Lenders in our day and age have developed a way to predict a person’s ability to pay back a loan. It’s a process that involves potential borrowers meeting certain criteria, as well as a detailed analysis of other factors that will help lenders determine loan eligibility.
When it comes to online loan lenders, there are certain things you as a borrower should be aware of—things lenders are going to search for and look at and expect from you that will help them decide if you will qualify for a loan from them or not. Keep reading to learn more about online loans and some of the common requirements online loan lenders have.
What Are Online Loans?
Online loans are a form of personal loan.
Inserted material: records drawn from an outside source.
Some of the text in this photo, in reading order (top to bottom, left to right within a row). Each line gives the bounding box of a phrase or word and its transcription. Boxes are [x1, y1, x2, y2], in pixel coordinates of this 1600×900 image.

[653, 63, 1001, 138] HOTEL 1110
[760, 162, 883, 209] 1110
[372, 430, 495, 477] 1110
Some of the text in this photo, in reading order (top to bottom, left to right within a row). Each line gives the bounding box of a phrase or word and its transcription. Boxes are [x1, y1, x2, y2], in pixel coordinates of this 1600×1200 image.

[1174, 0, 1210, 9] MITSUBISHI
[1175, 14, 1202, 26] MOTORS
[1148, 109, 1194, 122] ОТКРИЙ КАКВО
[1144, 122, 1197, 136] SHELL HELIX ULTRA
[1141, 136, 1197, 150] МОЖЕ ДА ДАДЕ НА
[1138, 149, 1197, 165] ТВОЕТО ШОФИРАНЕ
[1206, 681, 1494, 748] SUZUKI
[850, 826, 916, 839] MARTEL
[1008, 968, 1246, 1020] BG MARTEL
They can range anywhere from $1k to $35k, but the amount you qualify for will depend on your personal borrowing history, the state’s regulations, and other factors. Keep reading to learn more about the other factors that play into whether or not you qualify for online loans.
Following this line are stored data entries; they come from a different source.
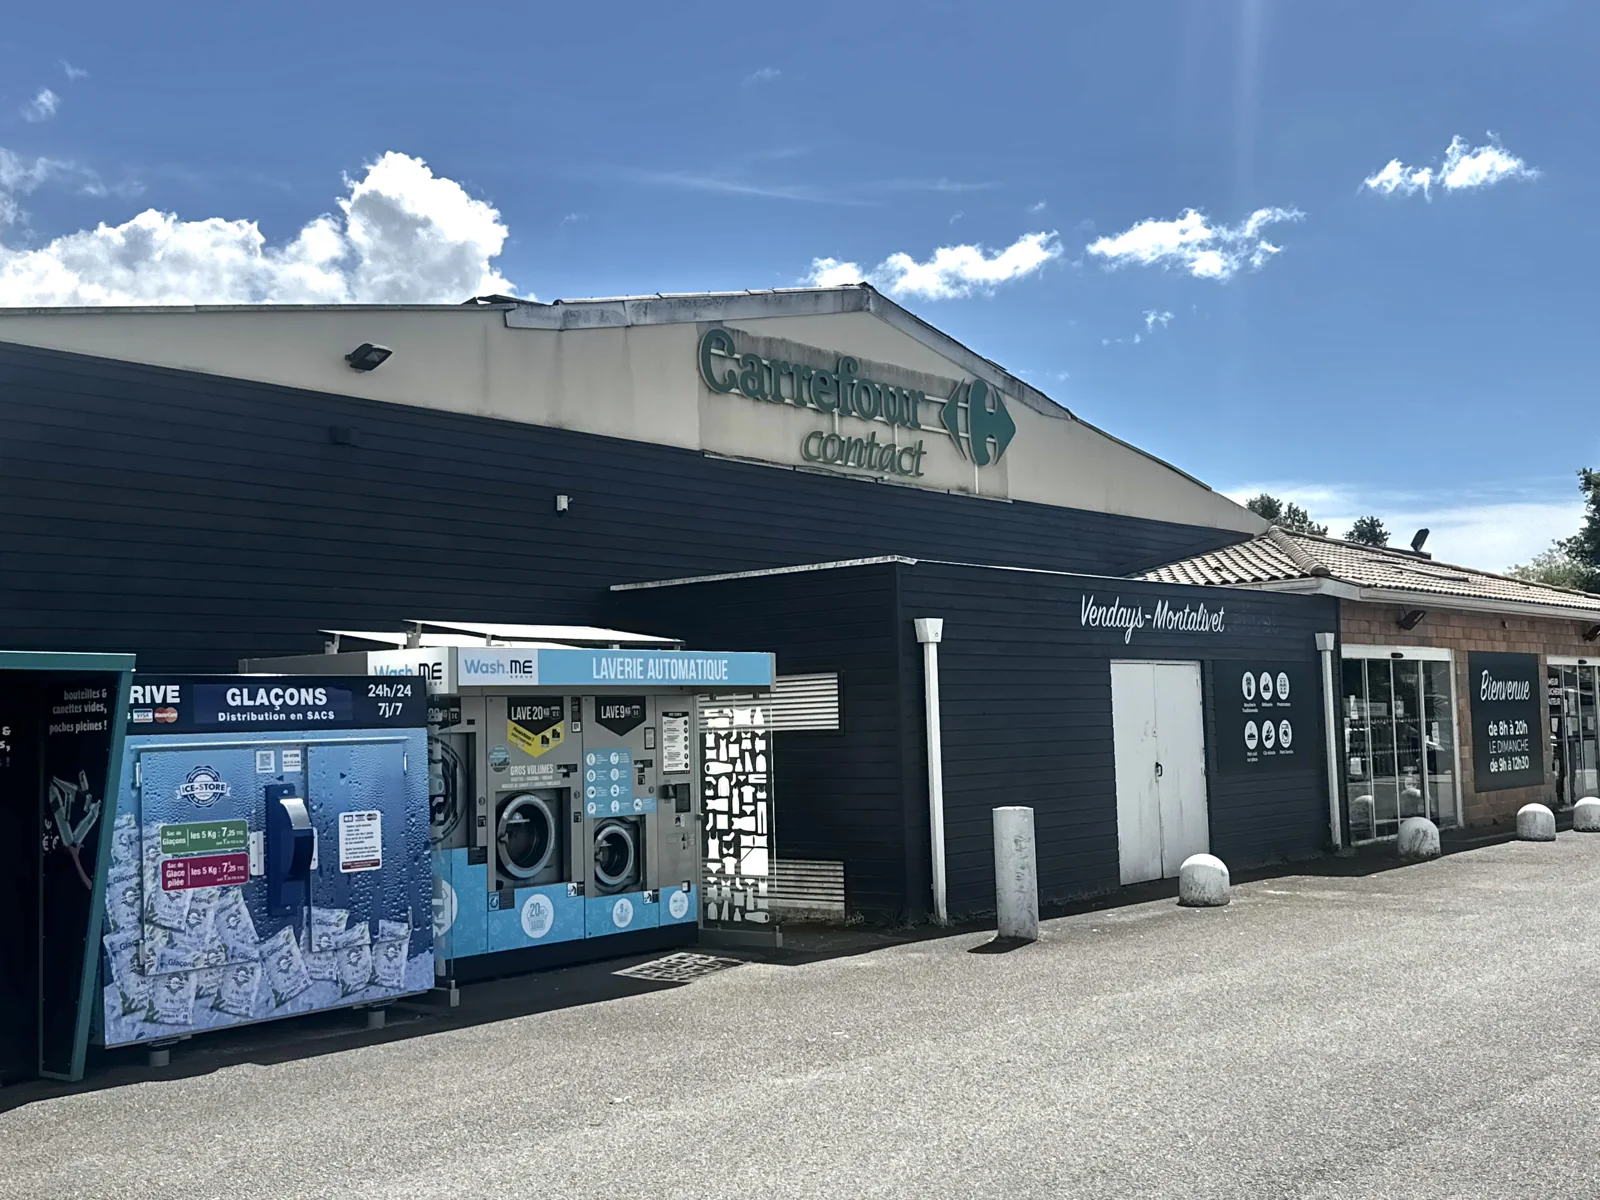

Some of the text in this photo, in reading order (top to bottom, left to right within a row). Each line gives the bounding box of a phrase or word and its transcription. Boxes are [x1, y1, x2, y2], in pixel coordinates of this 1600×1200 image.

[700, 328, 926, 429] Carrefour
[801, 430, 928, 477] contact
[1081, 594, 1225, 644] Vendays-Montalivet
[592, 657, 729, 680] LAVERIE AUTOMATIQUE
[367, 684, 412, 698] 24h/24
[1480, 669, 1531, 701] Bienvenue
[63, 688, 107, 700] bouteilles &
[226, 687, 328, 711] GLAÇONS
[52, 701, 107, 715] canettes vides,
[377, 702, 403, 719] 7j/7
[511, 706, 532, 720] LAVE
[532, 706, 543, 720] 20
[601, 705, 620, 719] LAVE
[620, 705, 625, 718] 9
[218, 712, 286, 722] Distribution
[307, 711, 335, 720] SACS
[2, 726, 12, 736] &
[49, 720, 107, 735] poches pleines !
[1488, 719, 1529, 737] de 8h à 20h
[1489, 739, 1530, 754] LE DIMANCHE
[510, 763, 554, 776] GROS VOLUMES
[1489, 755, 1530, 773] de 9h à 12h30
[181, 783, 226, 793] ICE-STORE
[162, 837, 187, 846] Glaçons
[190, 831, 201, 840] les
[201, 831, 207, 839] 5
[207, 830, 217, 840] Kg
[166, 869, 186, 878] Glace
[191, 867, 202, 876] les
[202, 866, 208, 875] 5
[208, 865, 218, 875] Kg
[113, 872, 139, 884] Glaçon
[167, 878, 185, 889] pilée
[529, 902, 540, 916] 20
[619, 903, 624, 913] 9
[315, 918, 339, 928] Glaçons
[168, 958, 195, 968] Glaçons
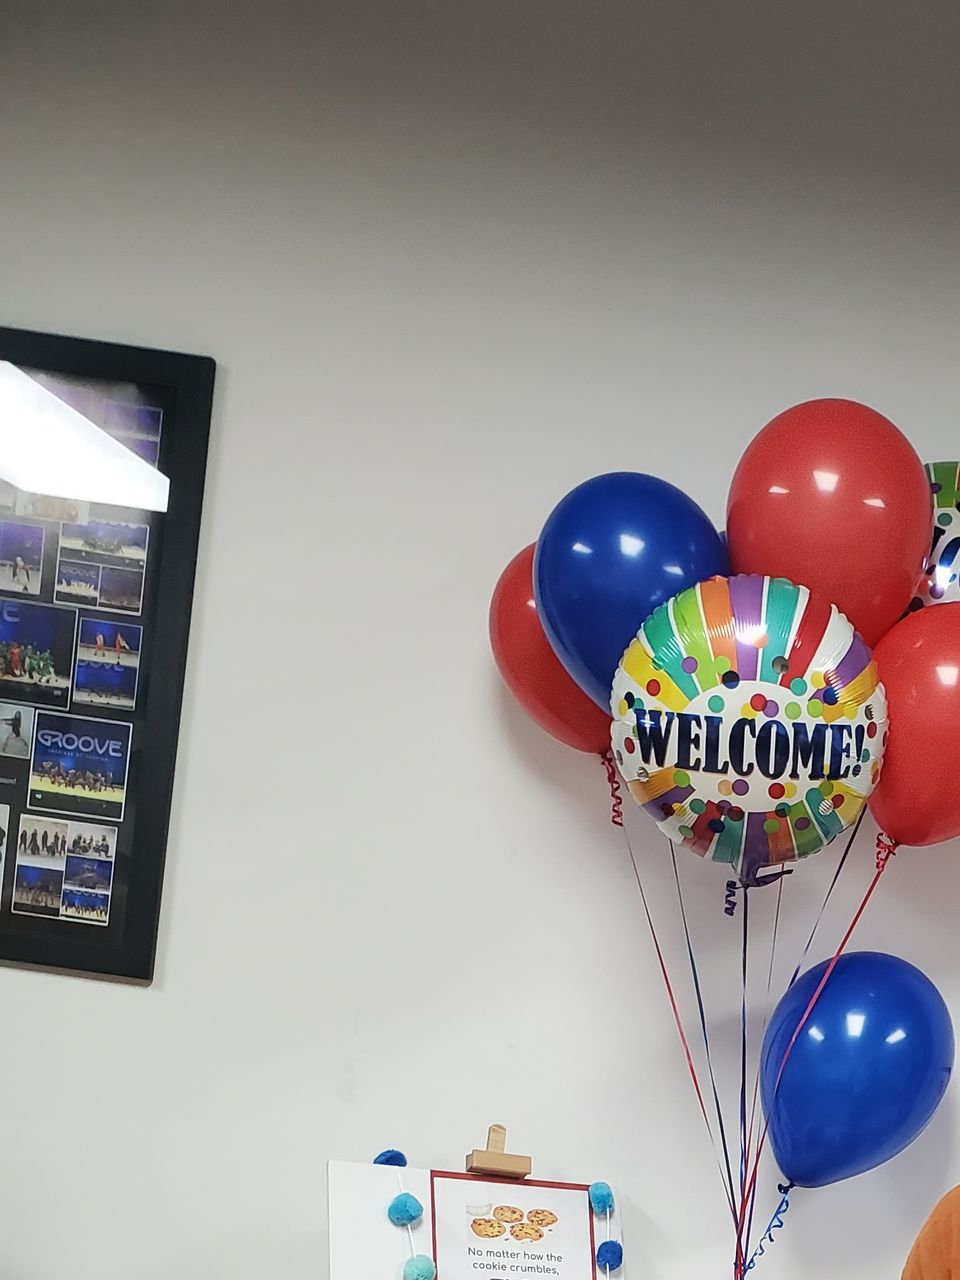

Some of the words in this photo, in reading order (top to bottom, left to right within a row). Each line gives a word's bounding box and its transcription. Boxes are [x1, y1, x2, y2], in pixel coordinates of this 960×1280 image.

Criteria For Online Loan Lenders
Your credit score, your current income level and expenses, your employment history: these are just a few of the things lenders look at to determine whether or not to give you an online loan.
You’ll want a strong, high credit score if you’re looking to qualify for an online loan. Lenders like to see consistent, steady rates of paying your bills on time and paying off your debt.
What’s your current level of income? The amount you make in a given month will go a long way to helping creditors decide if you qualify for online loans.
Debt to Income Ratio
Going hand-in-hand with your income is how much you spend each month. Lenders like to see borrowers with lower numbers on their monthly debt ratio. If you keep your expenses down below 50%, you’re doing great. The lower that percentage, the better. Someone with a high debt-to-income ratio will worry lenders, whose main concern would be that the person in question won’t be able to pay back the loan.
Depending on how much money you want, the big-ticket items you own will help online loan lenders determine what they will give you. If you put up your boat or house or car as collateral for a loan, lenders will be more likely to give you the money you want because they would receive some returning income if you don’t successfully pay them back in time.
Lenders like to see people with a good employment record. It demonstrates that they are able to keep a job and work to earn money. The longer you’ve kept a job, the more likely it is that your source of income won’t disappear, meaning the lenders will get back the money you owe them.
Equated Monthly Installment
This is a number you and your lender will figure out. Once you’ve set a due date for all payments to be made, you will need to calculate how much is due each month. If you can’t make the set monthly payments to pay back the loan, a lender will be unlikely to give it to you in the first place.
Do you make your regular bill and other loan payments on time? If so, that’s a good indication to an online money lender that you’ll pay them back as well.